Feb. 18, 2011

Heartstrings and Roses raise over $50K for hospital equipment
Reporter: Kelly Clemmer Friday, February 18, 2011 At 9:00AM News

Kenny Shaw a singing comedian, in his 50 litre cowboy hat, performed at the Heartstrings and Roses fundraiser for the Wainwright and District Community Health Foundation, Feb. 12.
The Wainwright and District Community Health Foundation Board held another successful annual Heartstrings and Roses fundraising event, Saturday, Feb. 12, all to purchase specialized equipment for the Wainwright Health Centre.

With still some expenses to come in, the event brought in over $50,000, explained Myron Zajic, chair of the Health Foundation Board.

“On behalf of our Foundation and the people this equipment means so much to, I want to pass along thanks to you, the people of this community and your generosity who make it all happen,” Zajic told the nearly packed Elks Hall.

The fundraising event was put on to purchase specialized monitoring system, which includes a fetal heart monitor and cart, neonatal vital sign monitors, cardiac monitor and cart, non-invasive Biliruben meter, a Hoyer mechanical patient lift and a portable shelving unit, all with a price tag of $54,000.

Zajic found out first hand how local health care works, he explained.

“I required medical attention and surgery twice this past year,” he said. “The first was an emergency gall bladder operation and just recently for a fast-growing prostate cancer operation.

“In both cases, the operations were successful, I went through the system in a timely manner and I was treated very well, before, during and after my surgery,” said Zajic. “All individuals have to assume some responsibility for their own health and care. Go to your doctor and get your yearly check-ups.

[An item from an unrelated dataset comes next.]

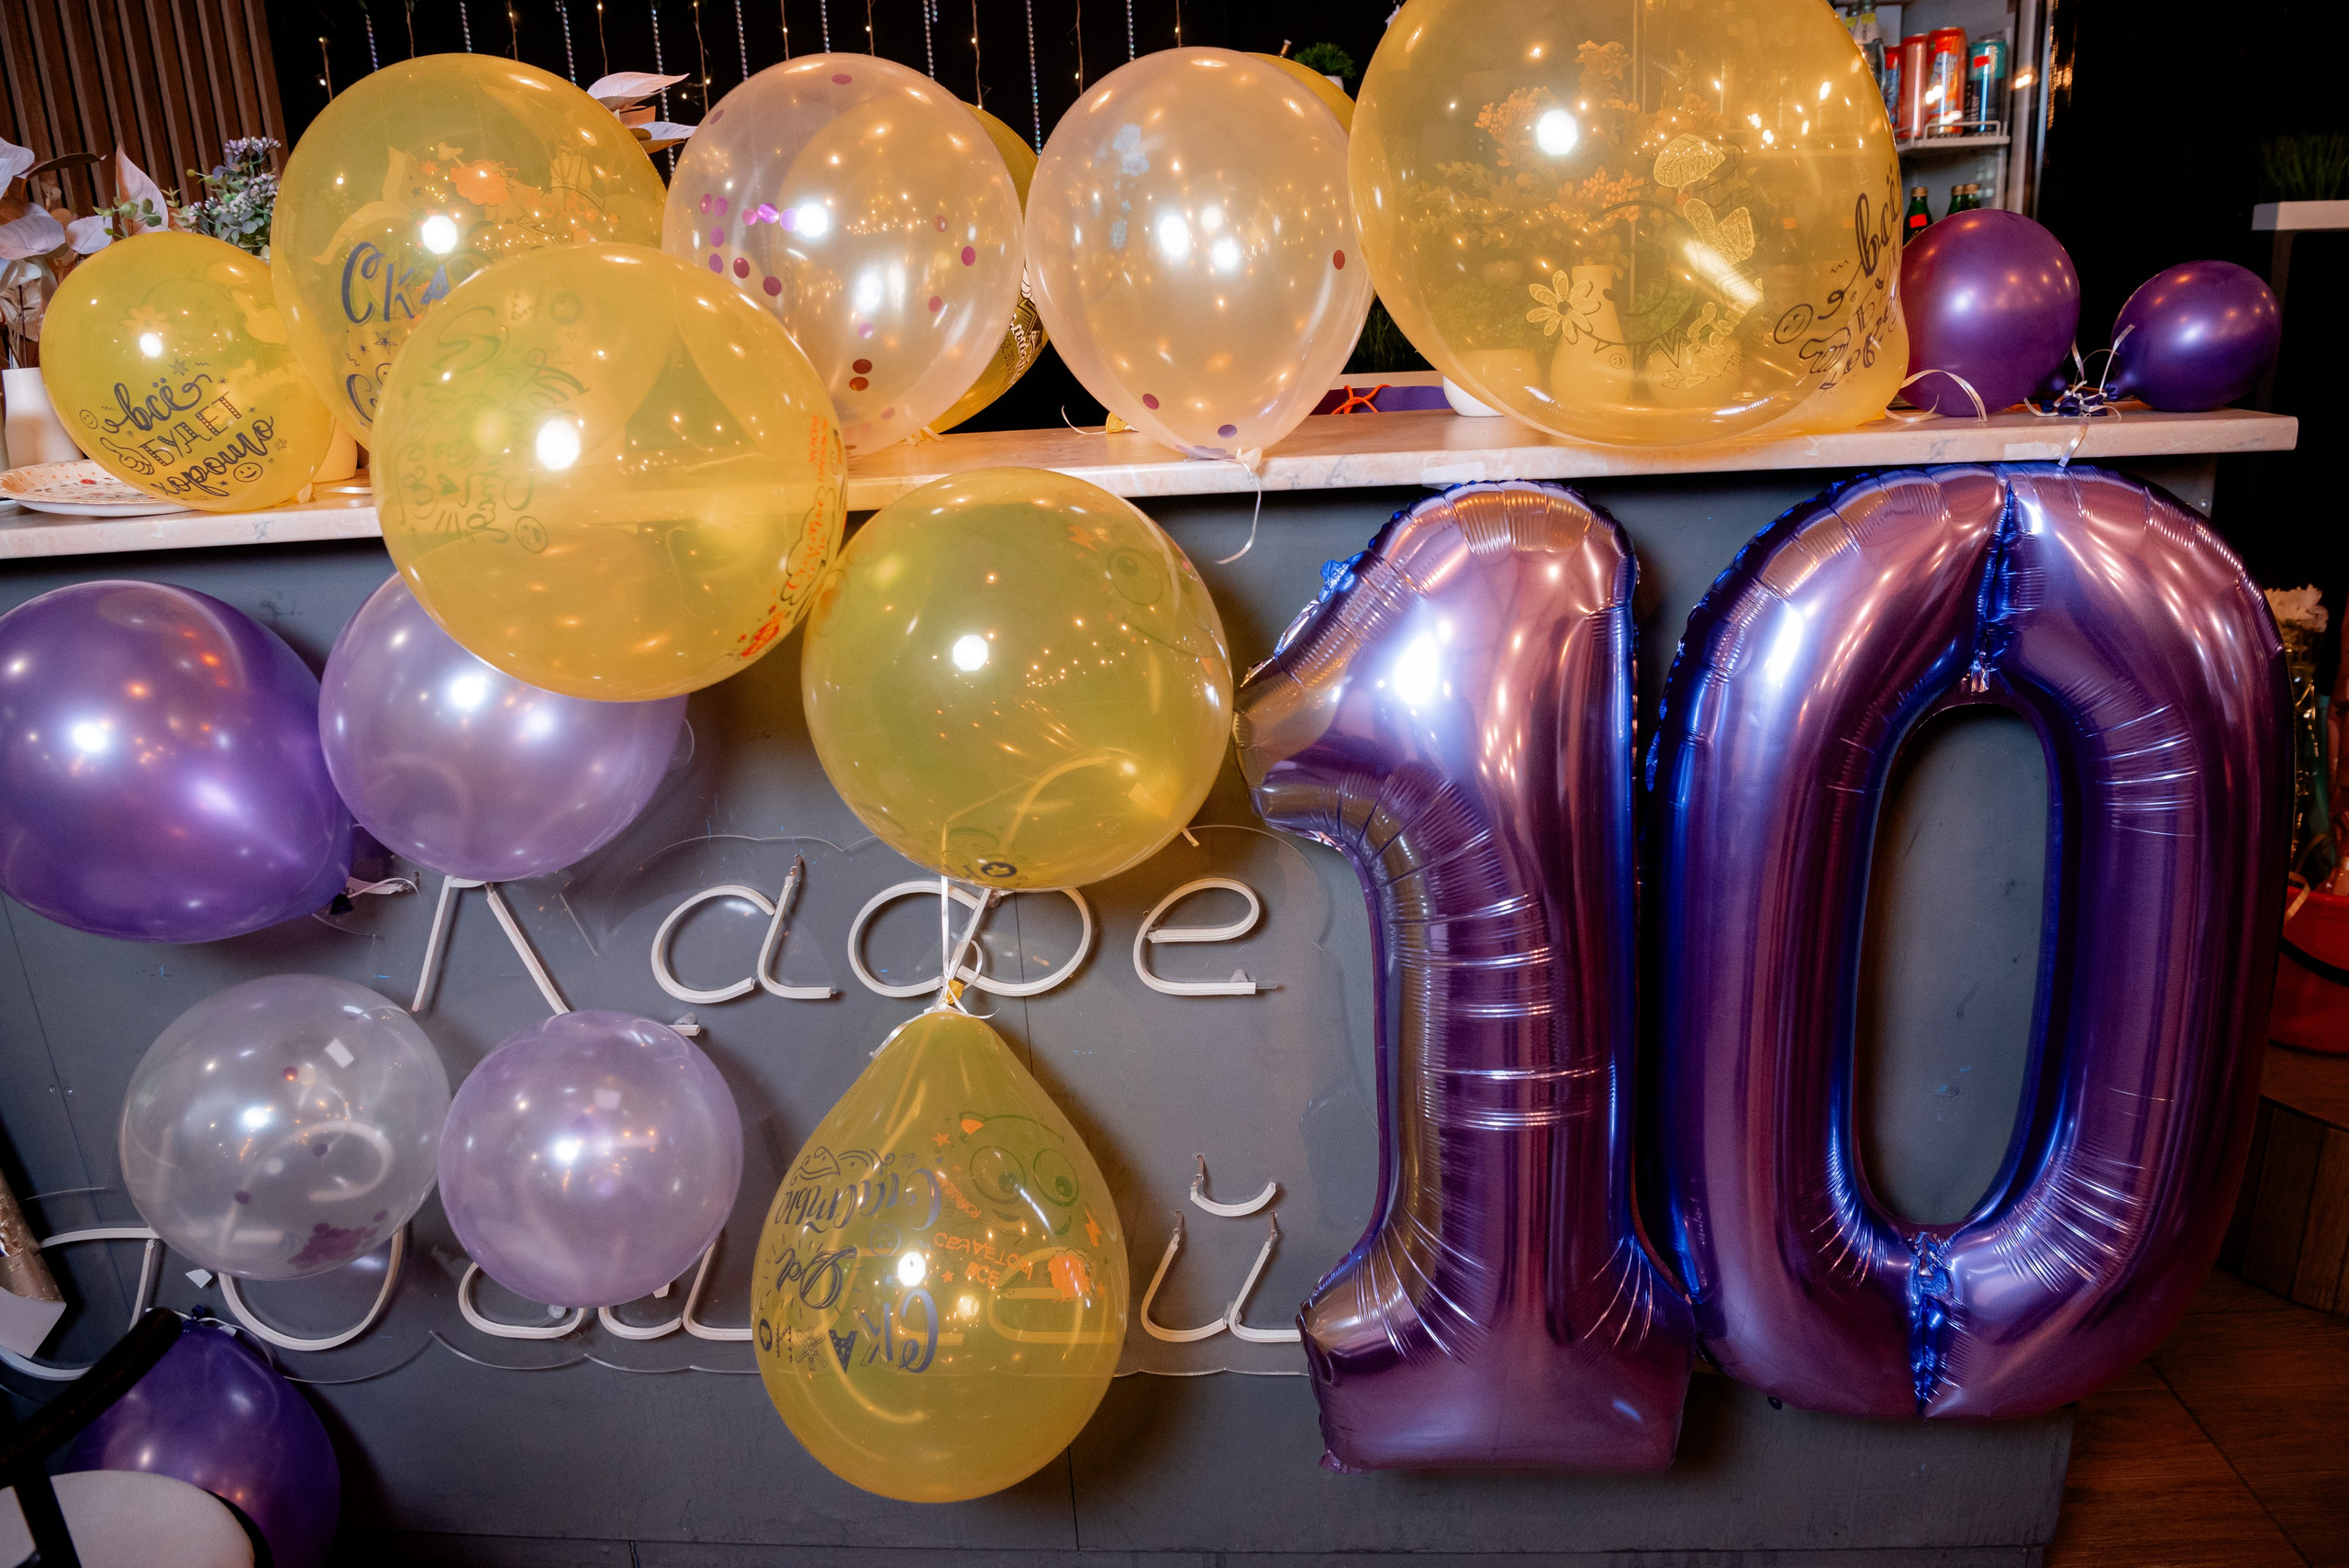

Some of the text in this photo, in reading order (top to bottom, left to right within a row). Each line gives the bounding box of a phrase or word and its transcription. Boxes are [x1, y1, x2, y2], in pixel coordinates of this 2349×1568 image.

[341, 241, 451, 328] СКА
[139, 391, 242, 466] БУДЕТ
[150, 417, 273, 497] хорошо
[1234, 466, 2291, 1472] 10

“One thing I have learned about my cancer experience is early detection is the key,” Zajic said. “I can’t emphasize this enough to all you men out there.”

That specialized equipment that the Health Foundation has purchased over the years helped saved Irene Mailloux’s life.

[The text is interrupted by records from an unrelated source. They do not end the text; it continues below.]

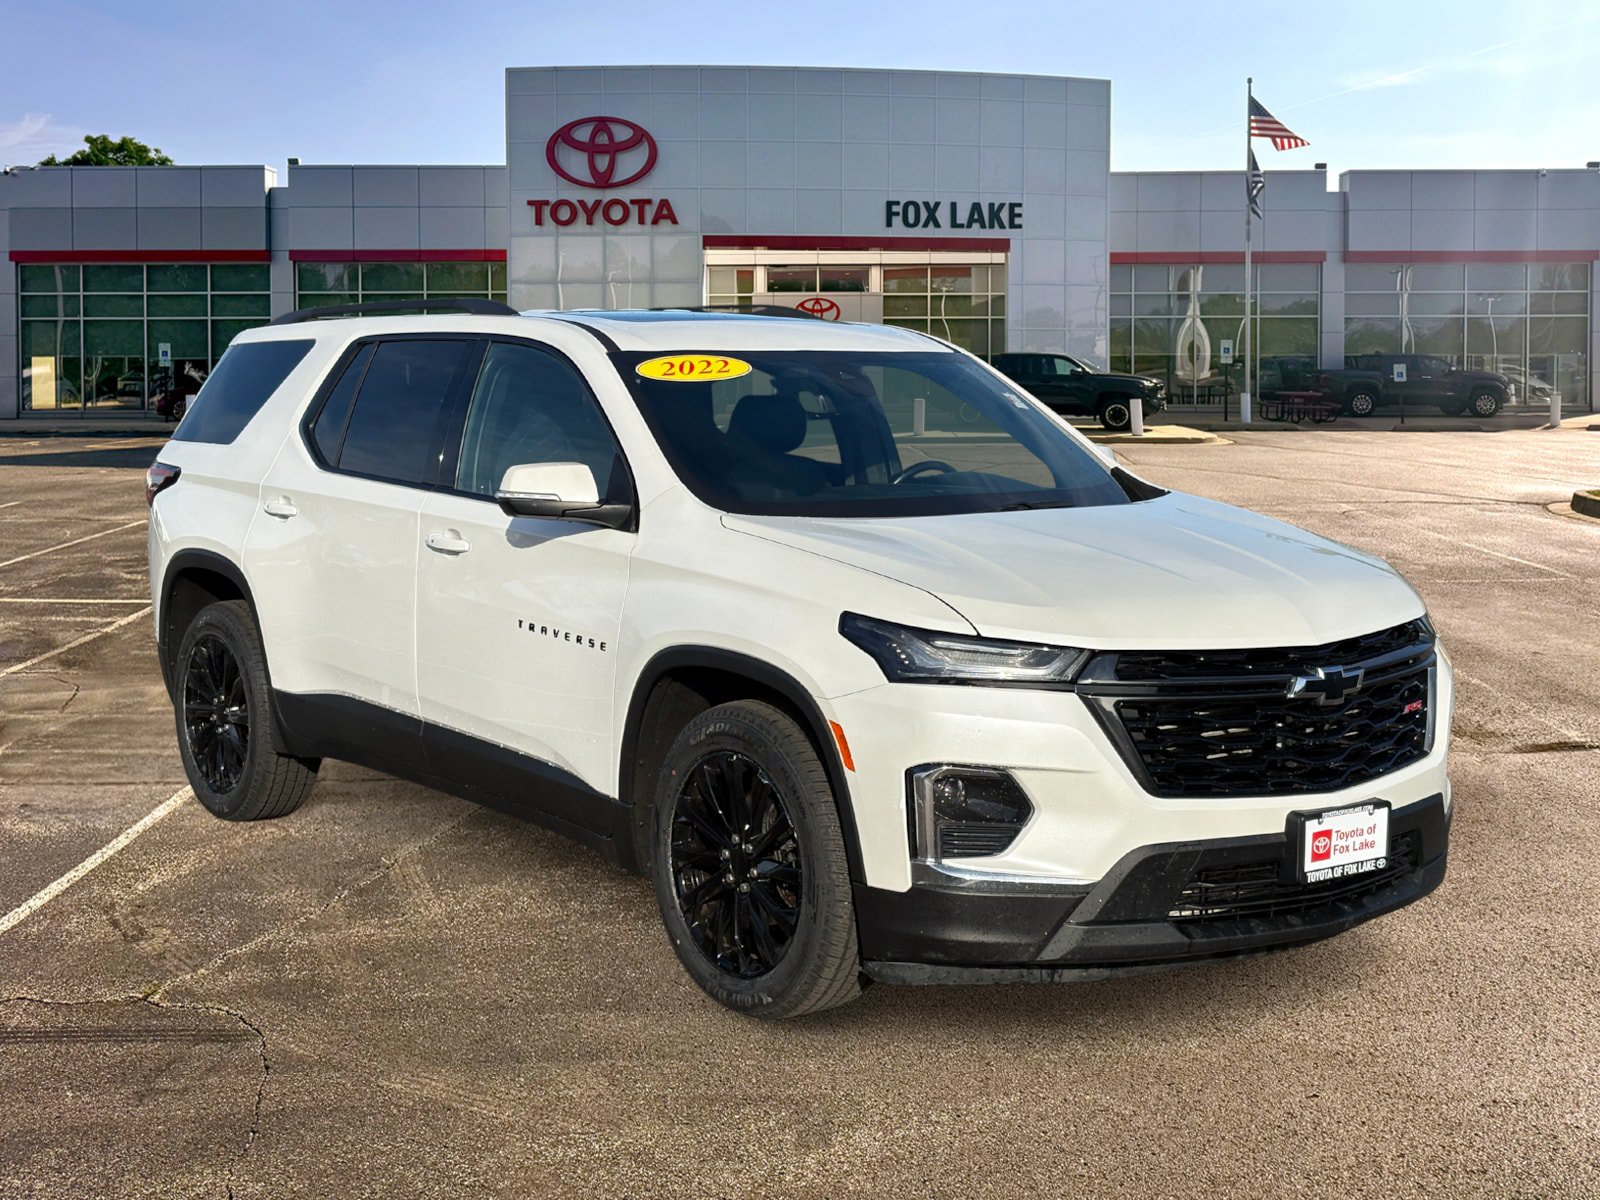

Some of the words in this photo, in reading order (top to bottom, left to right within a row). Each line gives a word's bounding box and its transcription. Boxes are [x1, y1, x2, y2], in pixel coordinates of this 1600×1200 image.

[527, 198, 679, 226] TOYOTA
[885, 200, 942, 228] FOX
[950, 201, 1023, 229] LAKE
[661, 359, 730, 377] 2022
[517, 619, 607, 652] TRAVERSE
[1334, 826, 1364, 842] Toyota
[1366, 823, 1377, 835] of
[1333, 843, 1350, 855] Fox
[1352, 838, 1376, 852] Lake
[1306, 868, 1333, 883] TOYOTA
[1333, 866, 1342, 877] OF
[1343, 864, 1358, 876] FOX
[1358, 860, 1377, 874] LAKE

Back in November 2010, Mailloux ‘crashed’ with all her systems shutting down and had to be air-lifted to an Intensive Care Unit in Edmonton. Before the flight, she had to have tracheal intubation, the placement of a flexible plastic tube into her trachea (windpipe) to maintain an open airway or to serve as a conduit through which to administer certain drugs. It is frequently performed in critically injured, ill or anesthetized patients to facilitate ventilation of the lungs, including mechanical ventilation, and to prevent the possibility of asphyxiation or airway obstruction.

Mailloux explained that due to her larger size the tube would not go in easily and without intibating, she wouldn’t be able to be transported.

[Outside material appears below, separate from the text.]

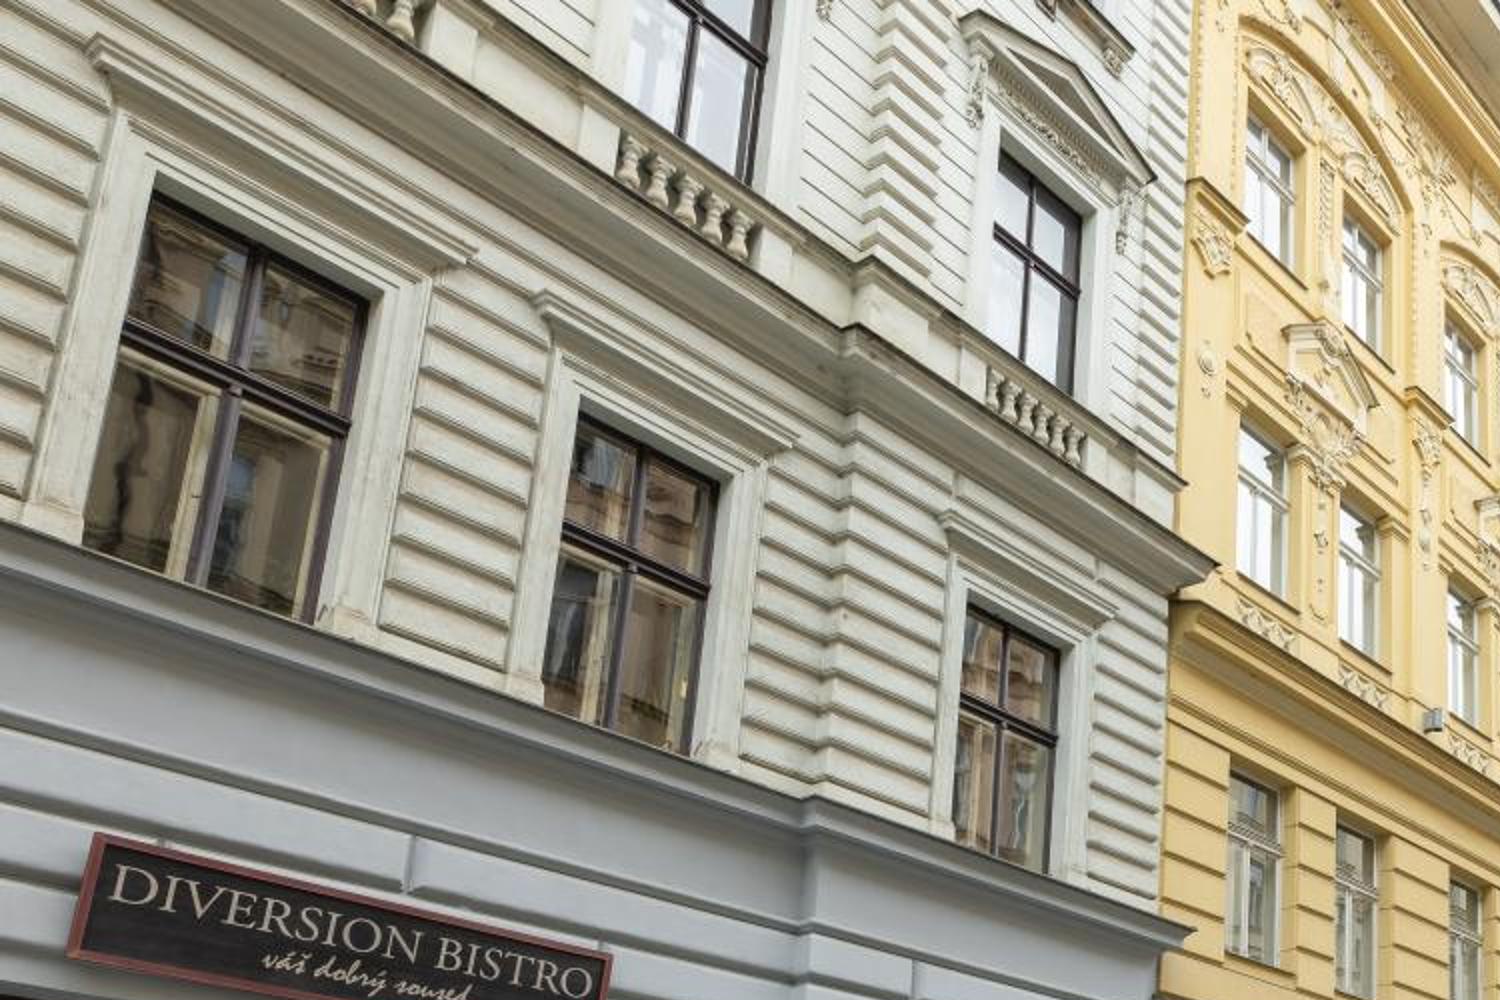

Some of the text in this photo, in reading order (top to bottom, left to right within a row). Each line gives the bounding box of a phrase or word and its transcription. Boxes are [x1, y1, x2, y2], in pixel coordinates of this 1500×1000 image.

A specialized scope the Health Foundation purchased in the past was able to assist Dr. Warner DeVos to insert the tube and get her on a fixed-wing aircraft to hospital in Edmonton.

“If he wouldn’t have had the camera, I wouldn’t have made it,” she said. “When I woke up, I couldn’t recollect anything. The only thing was that I didn’t see the white light...

“I’m so grateful for what they did,” Mailloux said, who in turn made a donation to the Heath Foundation. “I’m sure it didn’t cover it, but hopefully it helps.”

Zajic said he thanked Mailloux, “But it was not the Foundation that saved this person’s life, it was the generosity of the people of this community that save lives. You are the ones responsible for making the funds available to purchase the equipment needed, so our doctors and medical practitioners can do their job more efficiently and effectively.”